それは、地球上の最初の生命は、約40億年前の地球の海にあった「原始のスープ」と呼ばれる海水から生まれた、というものです。

「原始のスープ」とは、生命の材料になる色々な種類の有機物が混ざり合った、いわば「命の素となる化学物質のスープ」です。

実際、1950年代に行われた有名な実験では、地球が誕生したころの大気の状況を実験室で再現し、そこに電気を放電することで、アミノ酸という物質を作り出すことに成功しました。

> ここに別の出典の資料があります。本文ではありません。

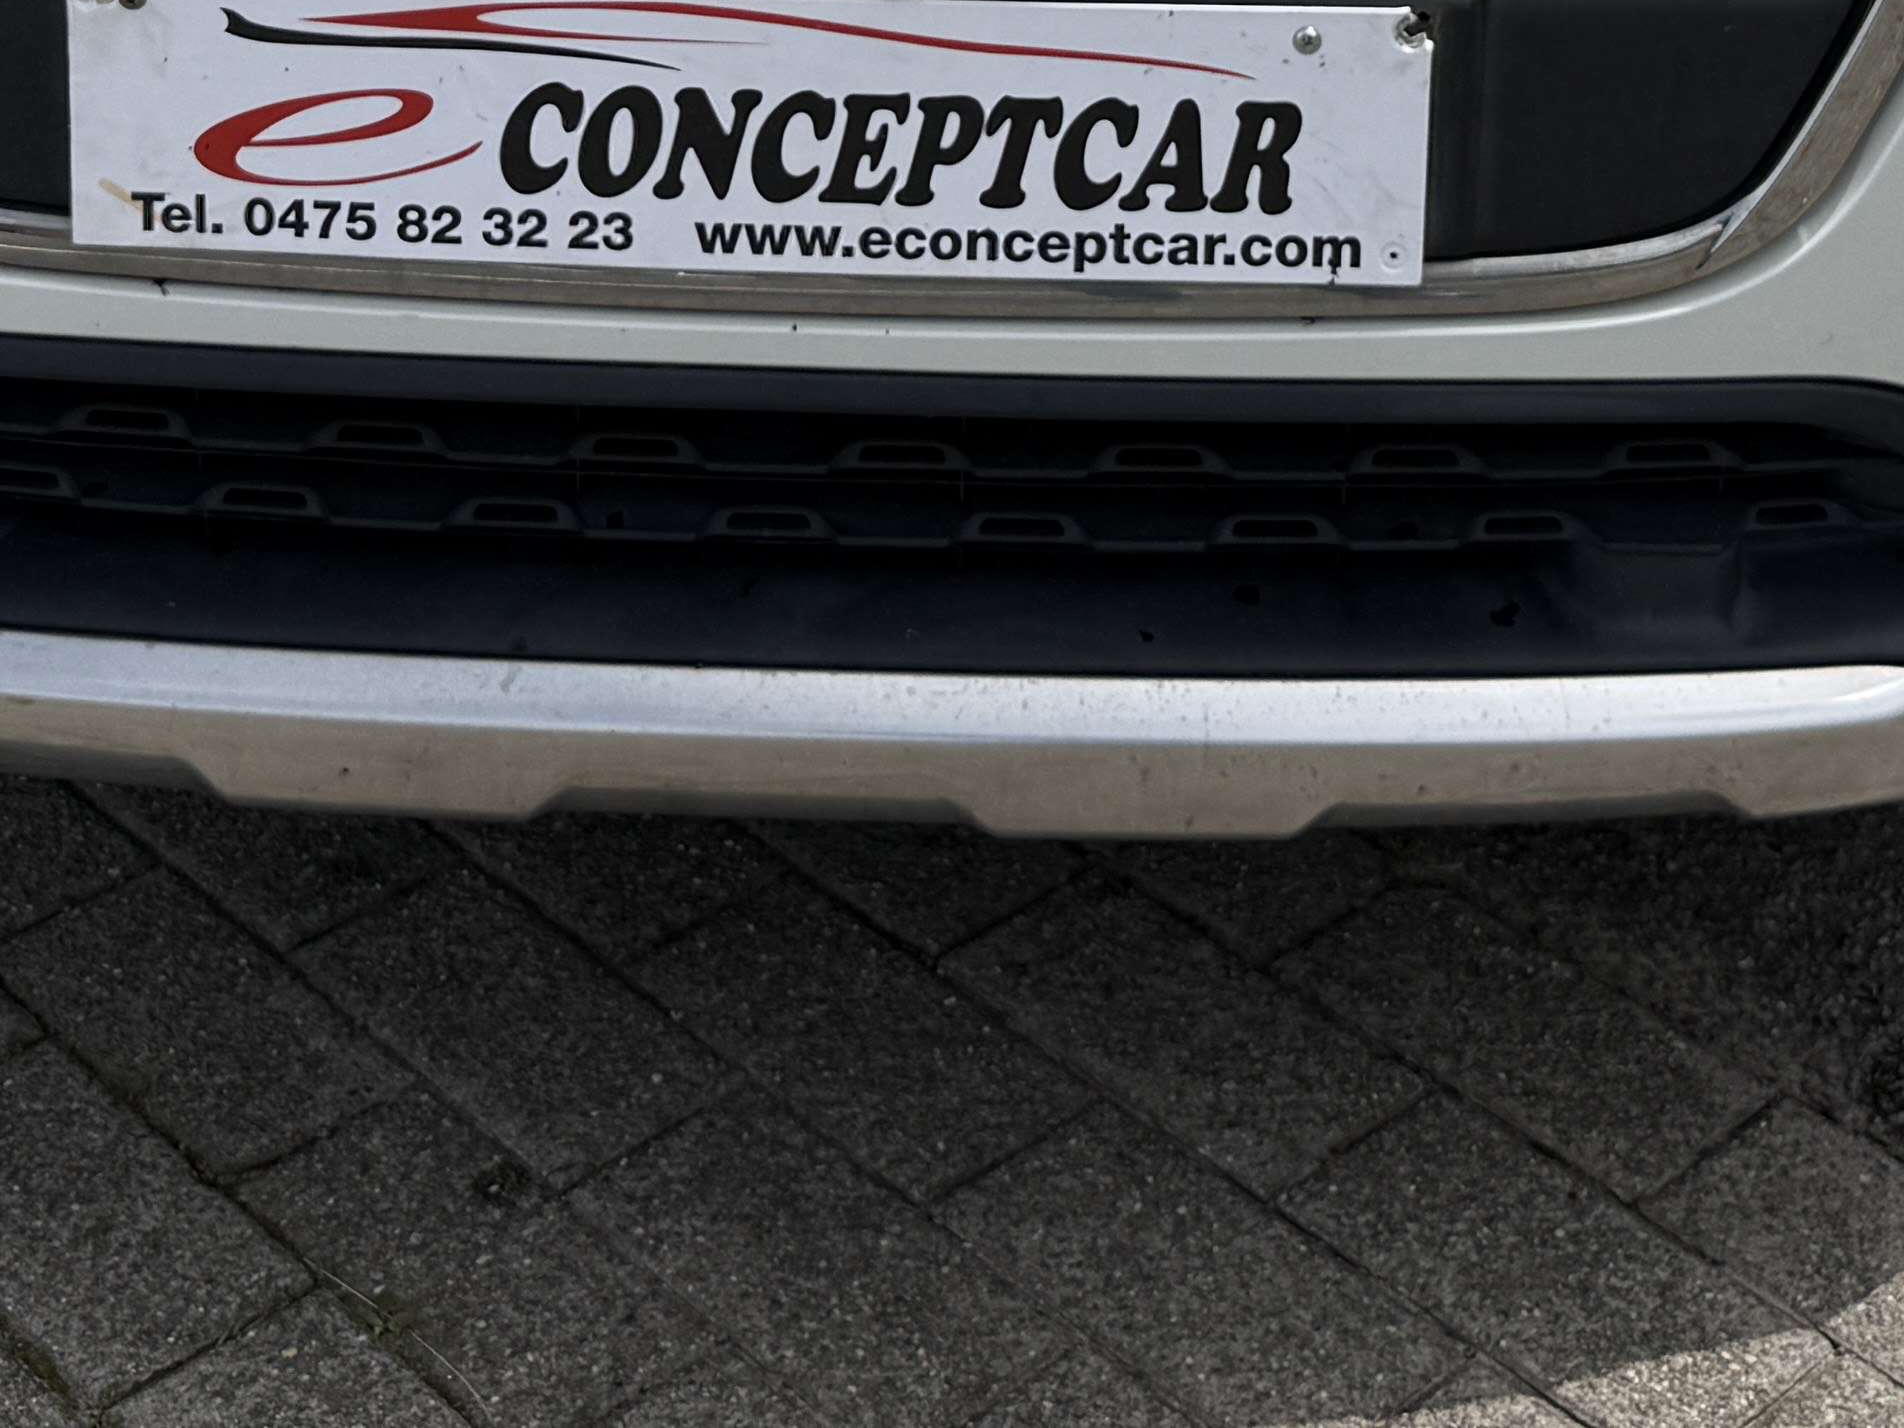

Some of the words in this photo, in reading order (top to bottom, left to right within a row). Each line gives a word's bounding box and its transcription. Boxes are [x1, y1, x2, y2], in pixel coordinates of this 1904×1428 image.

アミノ酸は、タンパク質という生命活動に欠かせない分子を構成する重要な材料です。

こうした実験から、科学者たちは生命の材料そのものは比較的簡単に作られるのだと考えるようになりました。

しかし、材料があるだけで生命が生まれるわけではありません。

例えば、プラモデルの部品を全部箱から出して並べただけでは、自然に完成品ができあがらないのと同じです。

生命も、それぞれの材料が偶然うまく組み合わさり、細胞という複雑で高度な「秩序あるシステム」になる仕組みが必要なのです。

ですが、この仕組みが具体的にどのようにして自然にできたのかということは、今でもまだ謎のままなのです。

このため、科学者の間で重要なテーマとなっているのが、「自然発生」という考え方です。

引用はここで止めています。